Die koerswijziging komt hem op veel spot te staan vanuit allerlei richtingen. Vanaf dat moment raakt hij eenzaam en verbitterd en klaagt hij over gebrek aan erkenning.
Speenhoff doet in de jaren dertig een aantal antisemitische uitspraken en het gerucht gaat dat hij lid is van de NSB tijdens de oorlog. Hij sterft bij het bombardement op het Haagse Bezuidenhout en is begraven op Crooswijk in Rotterdam.
Zijn bekendste liedjes zijn "Het broekie van Jantje", "Brief van een moeder aan haar zoon die in de nor zit" en "De schutterij" ("Daar komen de schutters").
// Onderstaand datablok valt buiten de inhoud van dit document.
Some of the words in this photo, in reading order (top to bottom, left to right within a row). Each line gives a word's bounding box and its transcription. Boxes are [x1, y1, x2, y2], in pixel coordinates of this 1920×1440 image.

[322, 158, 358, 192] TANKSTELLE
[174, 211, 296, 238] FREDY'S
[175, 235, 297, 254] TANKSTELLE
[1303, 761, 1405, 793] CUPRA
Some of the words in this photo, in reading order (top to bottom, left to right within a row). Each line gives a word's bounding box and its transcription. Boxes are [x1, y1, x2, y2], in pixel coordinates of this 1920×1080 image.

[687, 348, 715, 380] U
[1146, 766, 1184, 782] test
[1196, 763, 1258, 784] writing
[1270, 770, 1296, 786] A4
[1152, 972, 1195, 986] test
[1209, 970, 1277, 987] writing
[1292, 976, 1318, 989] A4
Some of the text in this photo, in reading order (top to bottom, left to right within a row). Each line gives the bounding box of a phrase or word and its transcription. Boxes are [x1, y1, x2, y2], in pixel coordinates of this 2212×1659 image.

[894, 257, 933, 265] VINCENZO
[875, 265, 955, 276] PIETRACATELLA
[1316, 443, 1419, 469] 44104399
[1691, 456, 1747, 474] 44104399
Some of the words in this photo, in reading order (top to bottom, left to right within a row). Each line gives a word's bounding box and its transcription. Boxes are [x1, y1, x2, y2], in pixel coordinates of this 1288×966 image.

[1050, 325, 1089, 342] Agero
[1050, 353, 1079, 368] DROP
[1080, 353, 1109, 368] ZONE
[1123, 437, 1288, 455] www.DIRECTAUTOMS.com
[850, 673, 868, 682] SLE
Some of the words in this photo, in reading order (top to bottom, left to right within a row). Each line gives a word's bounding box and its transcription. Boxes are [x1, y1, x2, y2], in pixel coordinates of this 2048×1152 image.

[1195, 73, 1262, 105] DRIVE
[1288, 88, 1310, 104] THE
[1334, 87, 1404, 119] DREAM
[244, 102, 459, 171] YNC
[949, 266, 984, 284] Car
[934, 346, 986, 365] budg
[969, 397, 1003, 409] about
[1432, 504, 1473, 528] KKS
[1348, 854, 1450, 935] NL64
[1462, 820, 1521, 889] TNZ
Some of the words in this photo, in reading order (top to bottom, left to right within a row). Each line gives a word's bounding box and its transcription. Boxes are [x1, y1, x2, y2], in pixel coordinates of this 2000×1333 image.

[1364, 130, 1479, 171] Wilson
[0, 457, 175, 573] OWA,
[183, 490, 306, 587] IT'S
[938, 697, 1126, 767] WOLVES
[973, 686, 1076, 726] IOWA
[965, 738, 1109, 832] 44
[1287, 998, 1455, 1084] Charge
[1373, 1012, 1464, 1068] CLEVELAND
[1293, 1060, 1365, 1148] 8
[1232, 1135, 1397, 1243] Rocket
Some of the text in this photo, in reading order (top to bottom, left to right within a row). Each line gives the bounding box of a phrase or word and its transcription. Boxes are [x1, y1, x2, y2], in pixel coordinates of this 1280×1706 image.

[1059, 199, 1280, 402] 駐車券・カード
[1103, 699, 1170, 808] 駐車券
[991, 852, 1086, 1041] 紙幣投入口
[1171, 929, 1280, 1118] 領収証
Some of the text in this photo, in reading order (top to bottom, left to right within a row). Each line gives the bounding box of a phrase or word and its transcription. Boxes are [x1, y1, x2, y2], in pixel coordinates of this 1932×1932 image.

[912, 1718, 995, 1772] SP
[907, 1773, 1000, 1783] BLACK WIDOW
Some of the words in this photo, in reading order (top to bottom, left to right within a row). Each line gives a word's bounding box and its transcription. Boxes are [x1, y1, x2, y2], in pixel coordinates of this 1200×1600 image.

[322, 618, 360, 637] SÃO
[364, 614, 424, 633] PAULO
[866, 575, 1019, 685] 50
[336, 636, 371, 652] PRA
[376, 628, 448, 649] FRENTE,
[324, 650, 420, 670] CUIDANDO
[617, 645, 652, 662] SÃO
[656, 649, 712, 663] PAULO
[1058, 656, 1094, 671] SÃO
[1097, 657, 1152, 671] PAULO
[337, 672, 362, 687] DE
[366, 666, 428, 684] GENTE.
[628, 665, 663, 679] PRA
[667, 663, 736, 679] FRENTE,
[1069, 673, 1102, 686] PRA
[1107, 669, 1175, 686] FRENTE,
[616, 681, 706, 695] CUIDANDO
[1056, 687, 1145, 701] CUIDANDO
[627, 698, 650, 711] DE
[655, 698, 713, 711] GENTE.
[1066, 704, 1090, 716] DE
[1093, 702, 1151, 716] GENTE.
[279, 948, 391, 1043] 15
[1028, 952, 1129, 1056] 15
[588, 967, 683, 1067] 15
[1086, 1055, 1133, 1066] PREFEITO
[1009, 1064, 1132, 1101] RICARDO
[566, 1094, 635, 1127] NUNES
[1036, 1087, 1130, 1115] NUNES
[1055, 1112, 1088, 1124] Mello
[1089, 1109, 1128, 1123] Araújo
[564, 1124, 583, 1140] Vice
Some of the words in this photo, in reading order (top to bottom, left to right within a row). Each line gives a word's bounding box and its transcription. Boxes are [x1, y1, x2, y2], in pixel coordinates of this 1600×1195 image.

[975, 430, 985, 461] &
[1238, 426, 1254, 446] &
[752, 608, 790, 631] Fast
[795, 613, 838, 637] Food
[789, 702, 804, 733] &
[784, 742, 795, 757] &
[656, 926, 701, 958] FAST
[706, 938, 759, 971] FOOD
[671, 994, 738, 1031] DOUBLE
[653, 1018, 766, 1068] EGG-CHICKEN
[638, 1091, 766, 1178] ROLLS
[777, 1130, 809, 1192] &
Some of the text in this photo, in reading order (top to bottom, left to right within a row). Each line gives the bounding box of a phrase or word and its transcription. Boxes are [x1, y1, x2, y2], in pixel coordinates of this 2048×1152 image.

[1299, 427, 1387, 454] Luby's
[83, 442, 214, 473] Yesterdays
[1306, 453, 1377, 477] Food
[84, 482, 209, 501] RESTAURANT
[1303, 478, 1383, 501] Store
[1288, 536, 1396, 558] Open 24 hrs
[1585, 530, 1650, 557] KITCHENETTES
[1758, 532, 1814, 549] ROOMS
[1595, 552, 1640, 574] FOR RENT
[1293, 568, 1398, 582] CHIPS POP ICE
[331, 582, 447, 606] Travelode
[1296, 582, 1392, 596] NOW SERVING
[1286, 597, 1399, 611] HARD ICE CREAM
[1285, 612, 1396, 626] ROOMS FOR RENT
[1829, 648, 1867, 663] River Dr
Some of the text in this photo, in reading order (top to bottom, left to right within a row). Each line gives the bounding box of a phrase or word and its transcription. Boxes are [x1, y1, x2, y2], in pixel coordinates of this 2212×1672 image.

Hij was een volkspoëet, een troubadour. Hij wordt nu gezien als een van de grondleggers van het Nederlandse cabaret, samen met Eduard Jacobs en Jean-Louis Pisuisse.
Zijn lied ‘Een verklaring’ werd als ‘Ik hou van alle vrouwen’ en een aangepaste tekst in 1986 een hit van Hans de Booy.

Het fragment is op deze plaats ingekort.